Situés dans le centre ville de Mexico, face à la place principale et à la cathédrale, où se trouve la promenade fréquentée par la plus haute société de la ville, les premiers commerces de tissus sont alignés côte à côte.

Ils occupent de modestes immeubles associant la boutique au rez-de-chaussée et l’habitation au premier étage, séparés par un simple bandeau où se trouve inscrit le nom du magasin : La Ciudad de Mexico, Al Puerto de Liverpool, Las Fabricas de Francia, Al Progreso, El Correo Frances, La Reforma del Comercio, La Ciudad de Londres, etc.

La disposition de ces boutiques appelées cajones de ropa diffère absolument de celle des magasins français.

Las Fabricas de Francia
à Tampico, vers 1905.
"Imaginez une grande salle au rez-de-chaussée percée de plusieurs grandes portes de bois (…) Un long et large mostrador, comptoir placé à environ trois mètres des entrées barre le passage sur toute la largeur du magasin et sépare le client des vendeurs…" (Émile Chabrand, 1892).

Le processus d’industrialisation et d’équipement amorcé sous le Porfiriato (1870-1910), conduit à une modernisation et à une spécialisation du langage architectural fortement influencé par le " style français ", omniprésent dans la capitale mexicaine.
Les nouveaux établissements commerciaux édifiés par les négociants barcelonnettes entre 1890 et 1910 remplacent les modestes maisons cajones de ropa de la première heure.

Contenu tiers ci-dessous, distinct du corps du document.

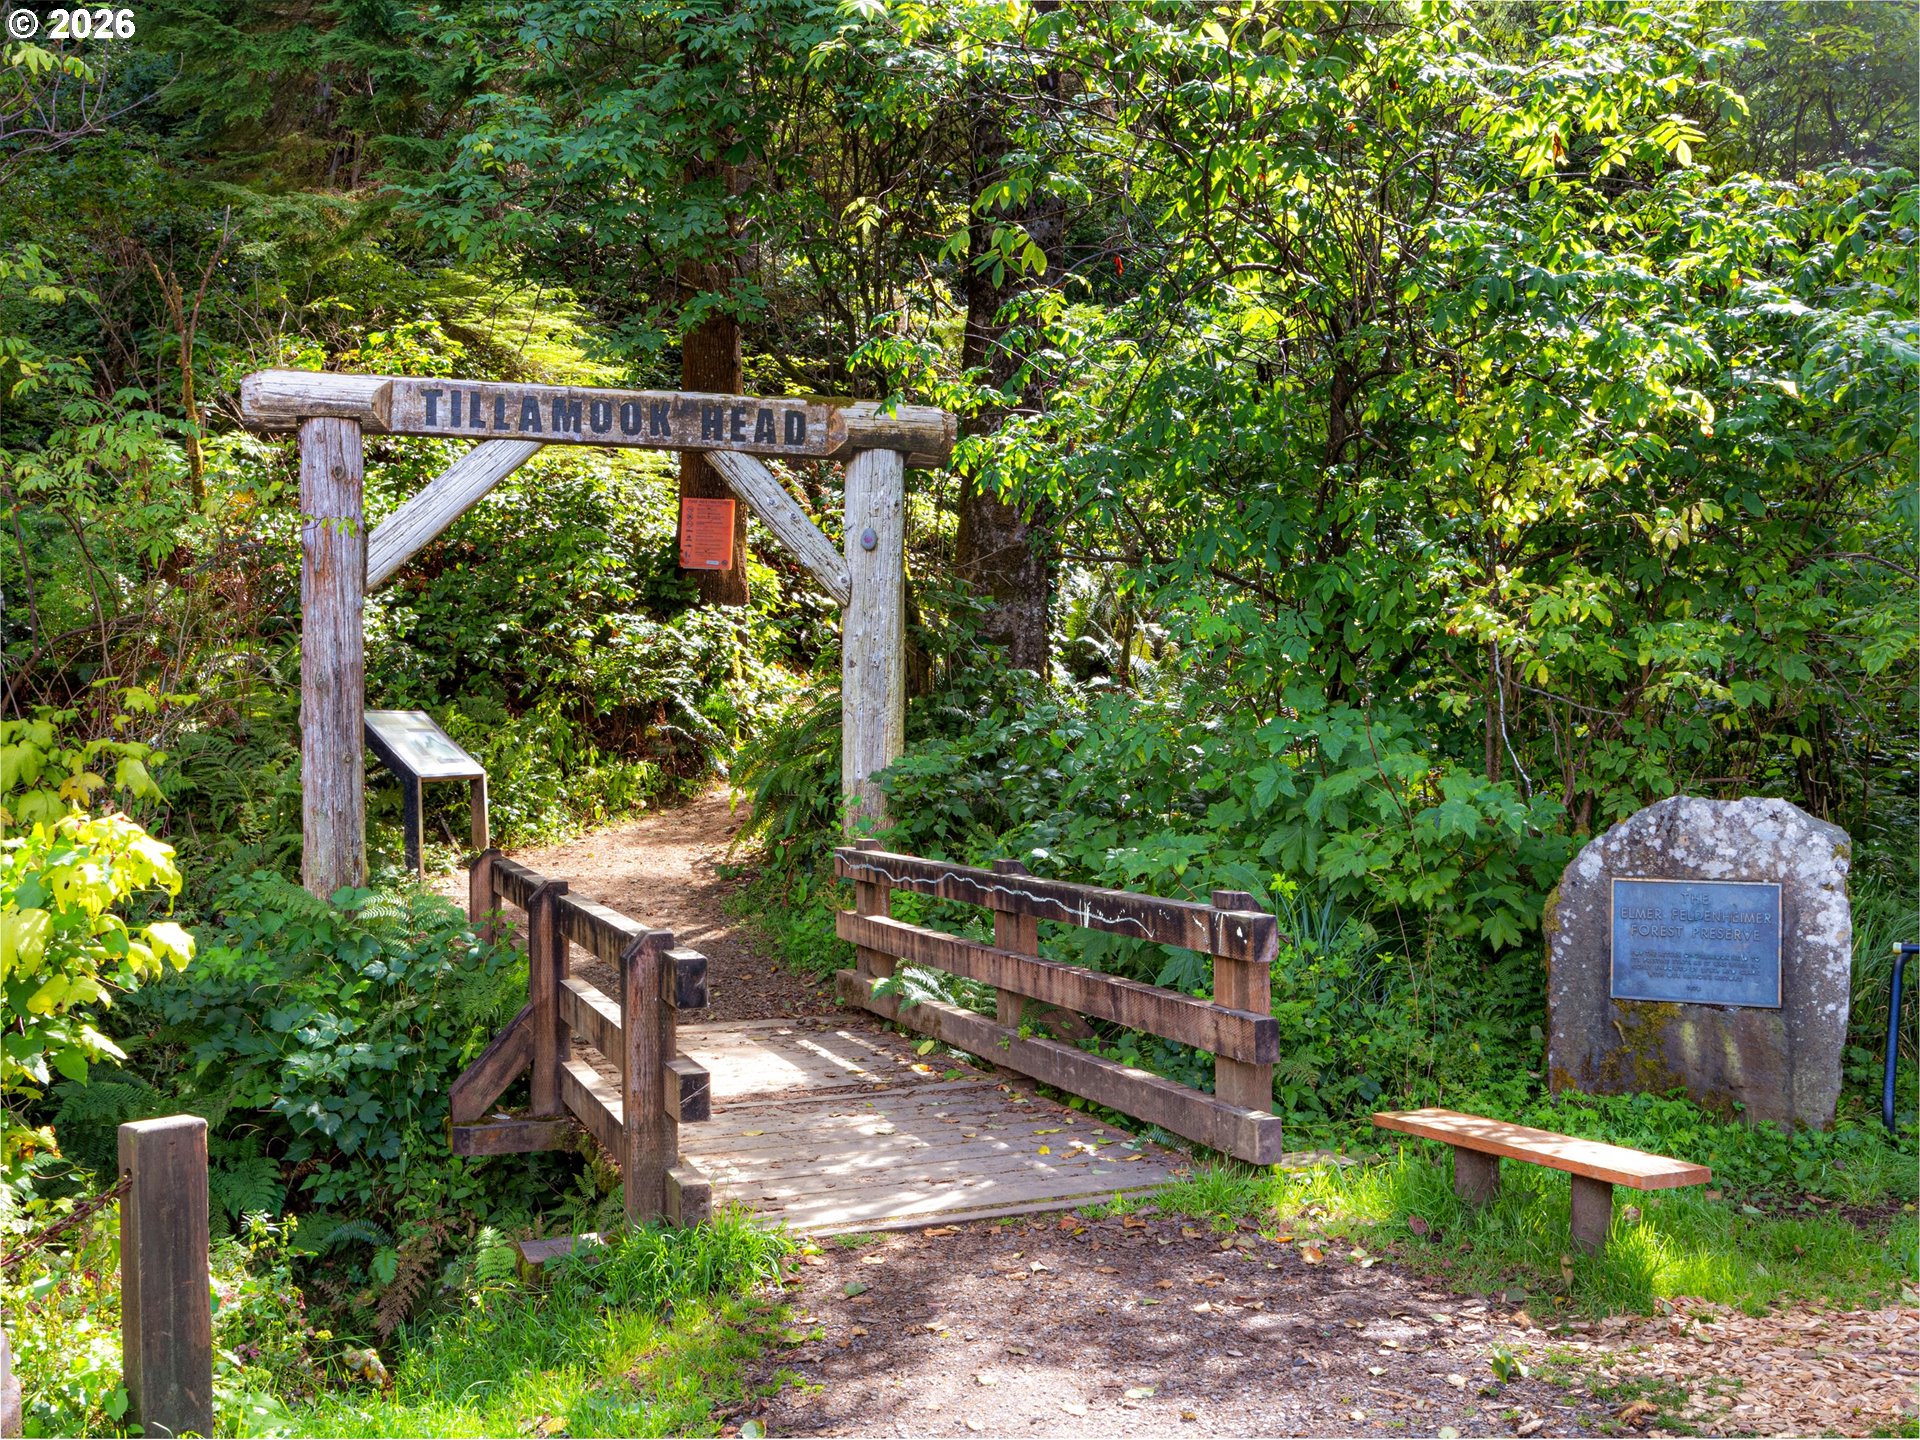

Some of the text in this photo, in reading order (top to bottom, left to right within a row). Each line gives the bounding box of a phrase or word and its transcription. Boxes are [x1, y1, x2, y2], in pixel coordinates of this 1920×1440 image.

Verrière du Centro Mercantil (1896-97), signée Jacques Gruber
Photos: Hélène Homps-Brousse

El Palacio de Hierro, le Palais de Fer, le premier grand magasin barcelonnette construit à Mexico pour le négociant Henri Tron, inaugure une série d’édifices commerciaux de prestige, copiés sur les modèles parisiens du Bon Marché ou de la Samaritaine.